## [Exercise brief]
Return the listing below unchanged, minus its pictures.

## [Task inputs]
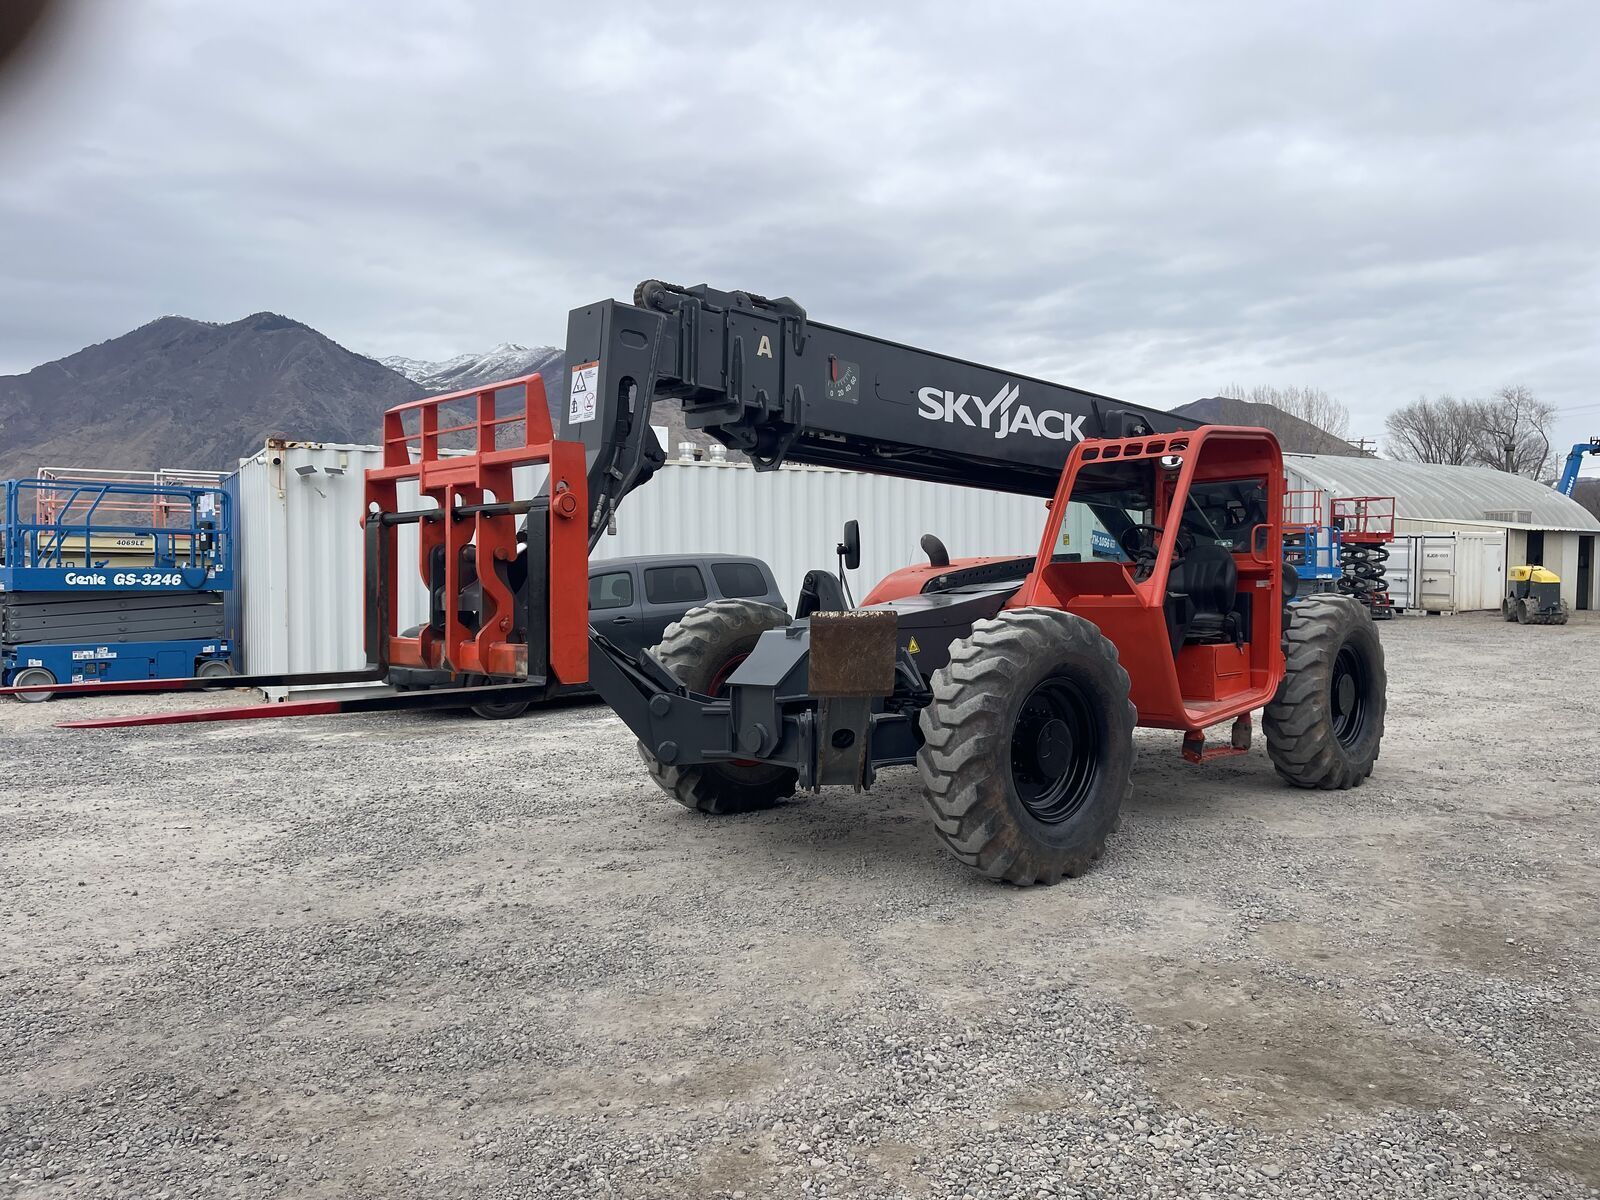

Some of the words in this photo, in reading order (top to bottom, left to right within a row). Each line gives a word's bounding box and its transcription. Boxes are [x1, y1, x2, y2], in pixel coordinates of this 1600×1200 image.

[757, 335, 773, 358] A
[918, 381, 1087, 442] SKYJACK
[65, 572, 107, 585] Genie
[113, 573, 182, 586] GS-3246
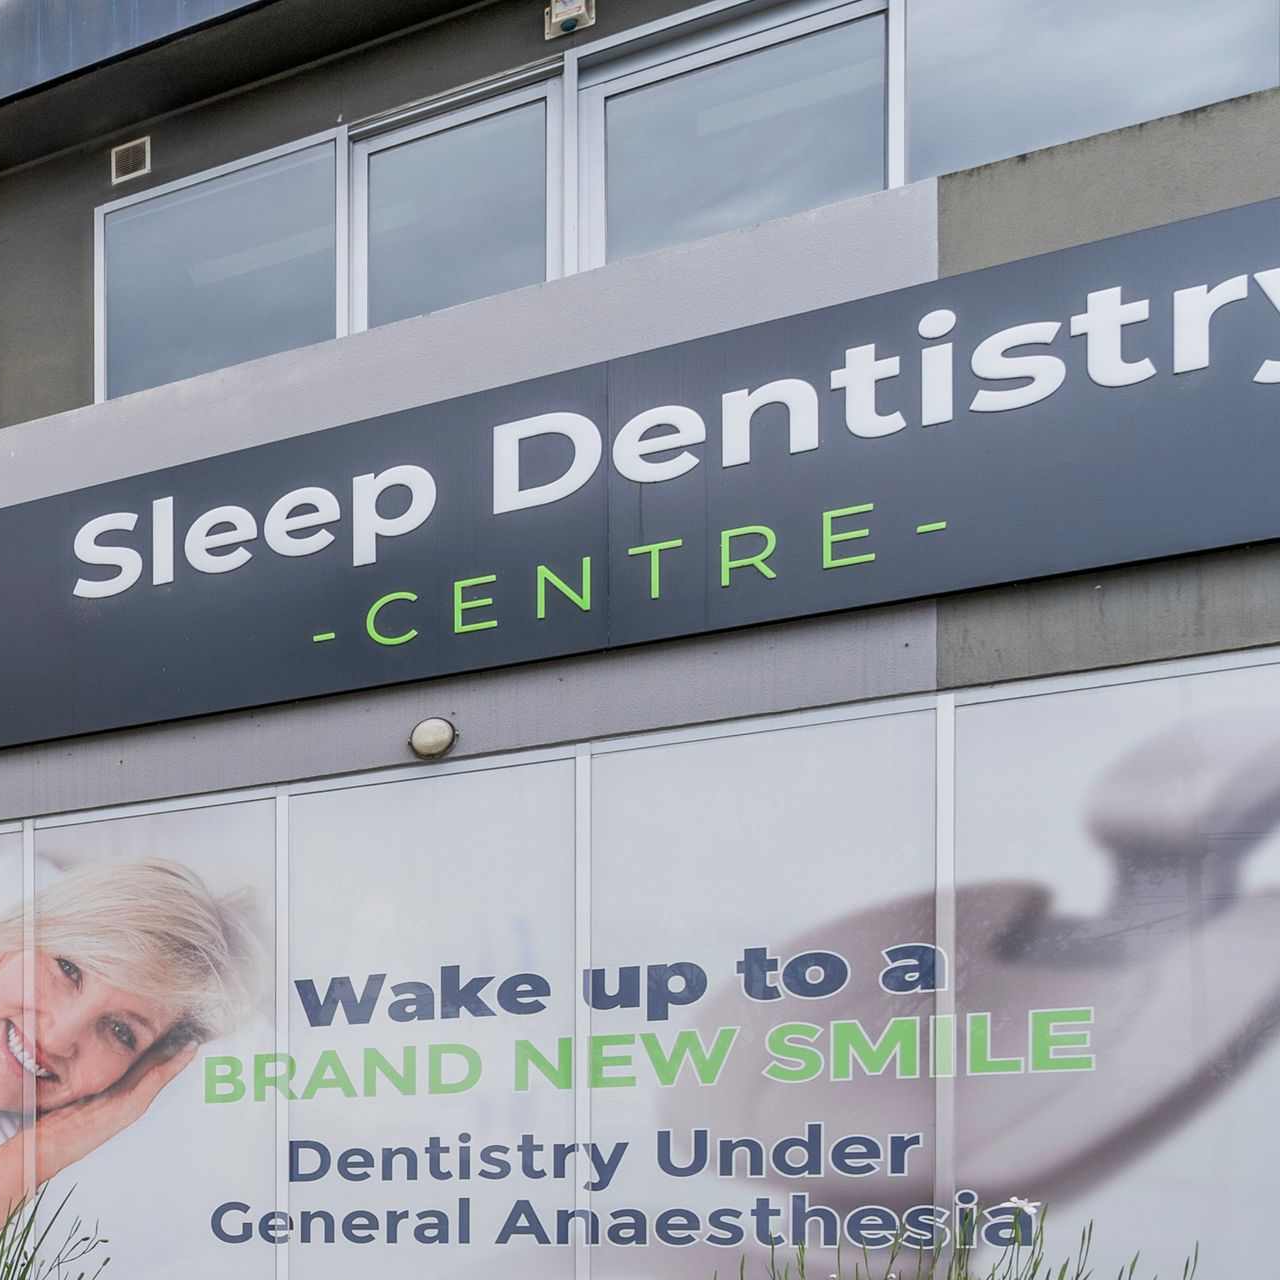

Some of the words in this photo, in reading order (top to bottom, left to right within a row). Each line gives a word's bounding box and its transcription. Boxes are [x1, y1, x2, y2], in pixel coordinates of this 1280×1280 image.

[72, 463, 438, 599] Sleep
[294, 964, 552, 1027] Wake
[582, 961, 709, 1023] up
[735, 945, 849, 1002] to
[882, 945, 949, 993] a
[202, 1041, 484, 1105] BRAND
[513, 1027, 738, 1090] NEW
[764, 1005, 1097, 1083] SMILE
[287, 1132, 630, 1192] Dentistry
[657, 1122, 922, 1178] Under
[209, 1197, 472, 1246] General
[494, 1191, 1035, 1250] Anaesthesia
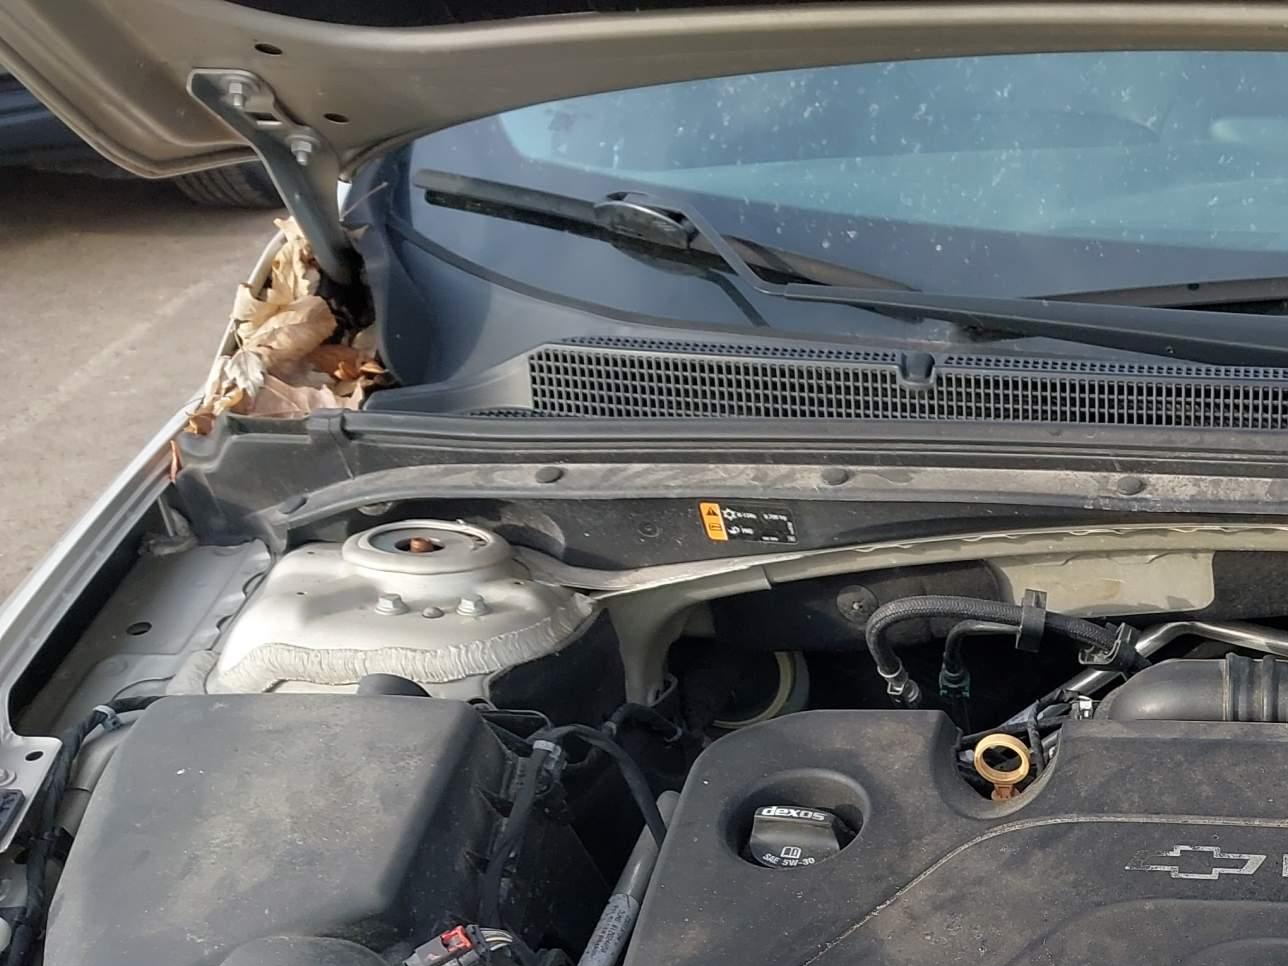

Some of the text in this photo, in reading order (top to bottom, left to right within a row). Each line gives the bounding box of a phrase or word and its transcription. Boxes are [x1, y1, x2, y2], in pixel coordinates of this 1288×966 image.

## [Problem solution]
Some of the words in this photo, in reading order (top to bottom, left to right within a row). Each line gives a word's bounding box and its transcription. Boxes are [x1, y1, x2, y2], in pixel coordinates of this 1600×1200 image.

[757, 335, 773, 358] A
[918, 381, 1087, 442] SKYJACK
[65, 572, 107, 585] Genie
[113, 573, 182, 586] GS-3246

Some of the words in this photo, in reading order (top to bottom, left to right within a row). Each line gives a word's bounding box and its transcription. Boxes are [x1, y1, x2, y2], in pixel coordinates of this 1280×1280 image.

[72, 463, 438, 599] Sleep
[294, 964, 552, 1027] Wake
[582, 961, 709, 1023] up
[735, 945, 849, 1002] to
[882, 945, 949, 993] a
[202, 1041, 484, 1105] BRAND
[513, 1027, 738, 1090] NEW
[764, 1005, 1097, 1083] SMILE
[287, 1132, 630, 1192] Dentistry
[657, 1122, 922, 1178] Under
[209, 1197, 472, 1246] General
[494, 1191, 1035, 1250] Anaesthesia

Some of the text in this photo, in reading order (top to bottom, left to right within a row). Each line gives the bounding box of a phrase or word and its transcription. Boxes are [x1, y1, x2, y2], in pixel coordinates of this 1288×966 image.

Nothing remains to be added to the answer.